Renault had been appointed by the Company of the West which acquired the French East India Company and became the Company of the Indies, also in 1719. The Company was formed by the French for the exploitation of their American possessions. Along the way, he purchased 200 African slaves in Santo Domingo, for use in the mines he expected to develop. These men were the first enslaved Africans brought to Illinois or Missouri.

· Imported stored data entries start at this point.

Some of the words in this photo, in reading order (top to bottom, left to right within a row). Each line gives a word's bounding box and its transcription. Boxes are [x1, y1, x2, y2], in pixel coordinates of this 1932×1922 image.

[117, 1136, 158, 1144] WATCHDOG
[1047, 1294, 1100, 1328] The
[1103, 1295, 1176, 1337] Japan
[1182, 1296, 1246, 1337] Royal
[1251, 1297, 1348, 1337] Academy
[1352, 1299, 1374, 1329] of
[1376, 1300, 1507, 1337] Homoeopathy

In 1723, Renault was granted “in freehold, in order to make his establishment upon the mines” of a tract of land a league and a half in a width by six in depth on the “Little Marameig” in Upper Louisiana (Missouri); another tract of two leagues “at the mine called the mine of Lamothe;” another of one league in front of Pimeteau on the river Illinois; and “one league fronting on the Mississippi, at the place called the Great Marsh, adjoining on one side to the Illinois Indians, settled near Fort de Chartres, with a depth of two leagues, this place being the situation which has been granted to him for the raising of provisions, and to enable him to furnish then to all the settlements he shall make upon the mines.” Upon the latter grant in Illinois Country, Renault expected to grow the food for his mining operations in the rich, black soil of what would become known as the American Bottom.

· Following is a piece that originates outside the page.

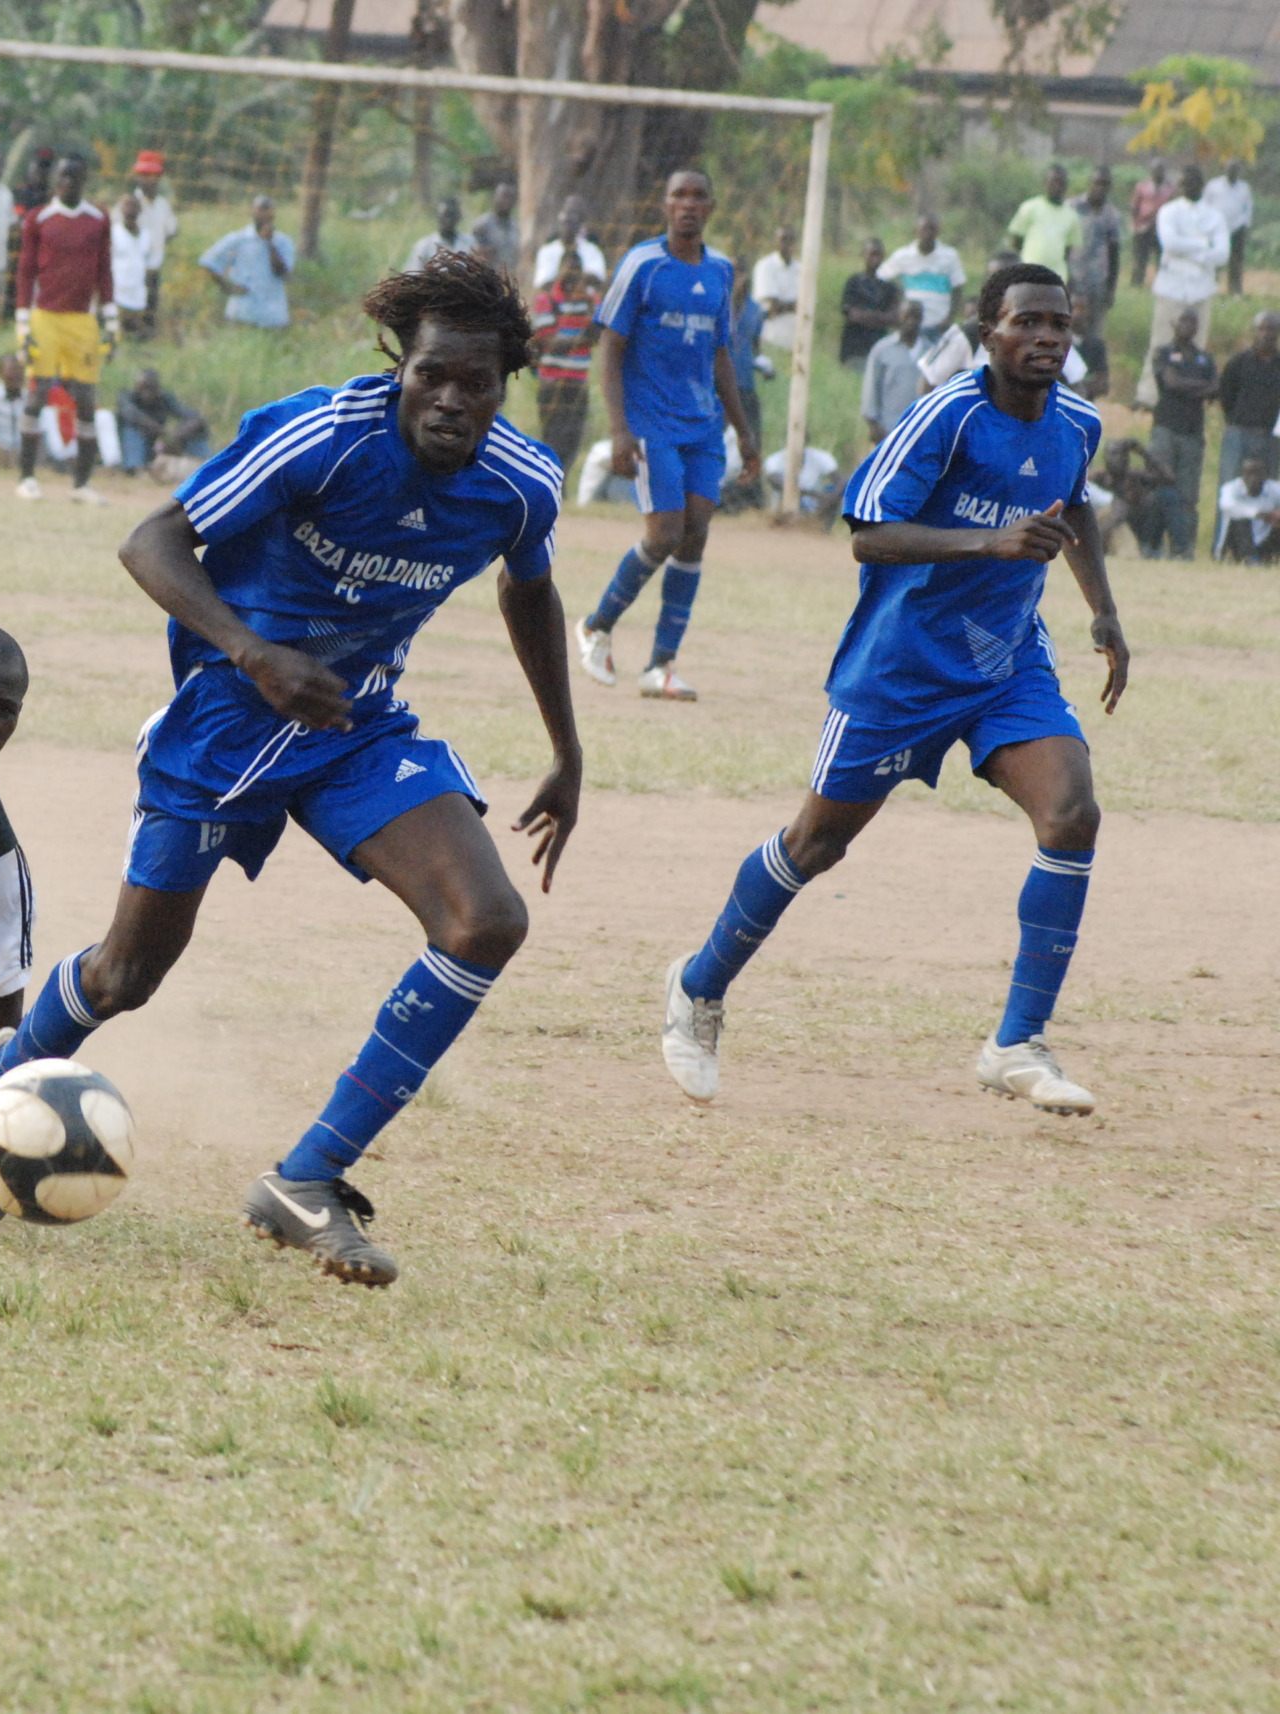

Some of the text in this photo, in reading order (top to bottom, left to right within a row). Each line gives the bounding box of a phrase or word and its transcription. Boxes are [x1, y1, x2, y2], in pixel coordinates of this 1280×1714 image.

[396, 519, 428, 531] adidas
[953, 492, 999, 527] BAZA
[293, 521, 454, 590] BAZA HOLDINGS
[334, 576, 366, 605] FC

He founded a settlement, St Philippe, in the southern part of present day Monroe County, Illinois, about three miles north along the river from Fort de Chartres. Agriculture was the most successful of his enterprises. The community of St. Philippe quickly produced a surplus which it sold to settlers downriver in New Orleans, as well as at other French settlements, such as Arkansas Post, less successful in farming.

Renault's efforts in Illinois to locate exploitable metals were largely futile; in Missouri he fared slightly better, and he is credited with operating the first viable lead mines in Missouri's Lead Belt at La Vieille Mine (Old Mines). He returned to France in 1749, passing his interests in the area on to others. He died intestate and without heirs. In the early and late 19th century, attempts by persons' claiming to represent his estate to reclaim lands he was granted, did not meet with success.[1][2]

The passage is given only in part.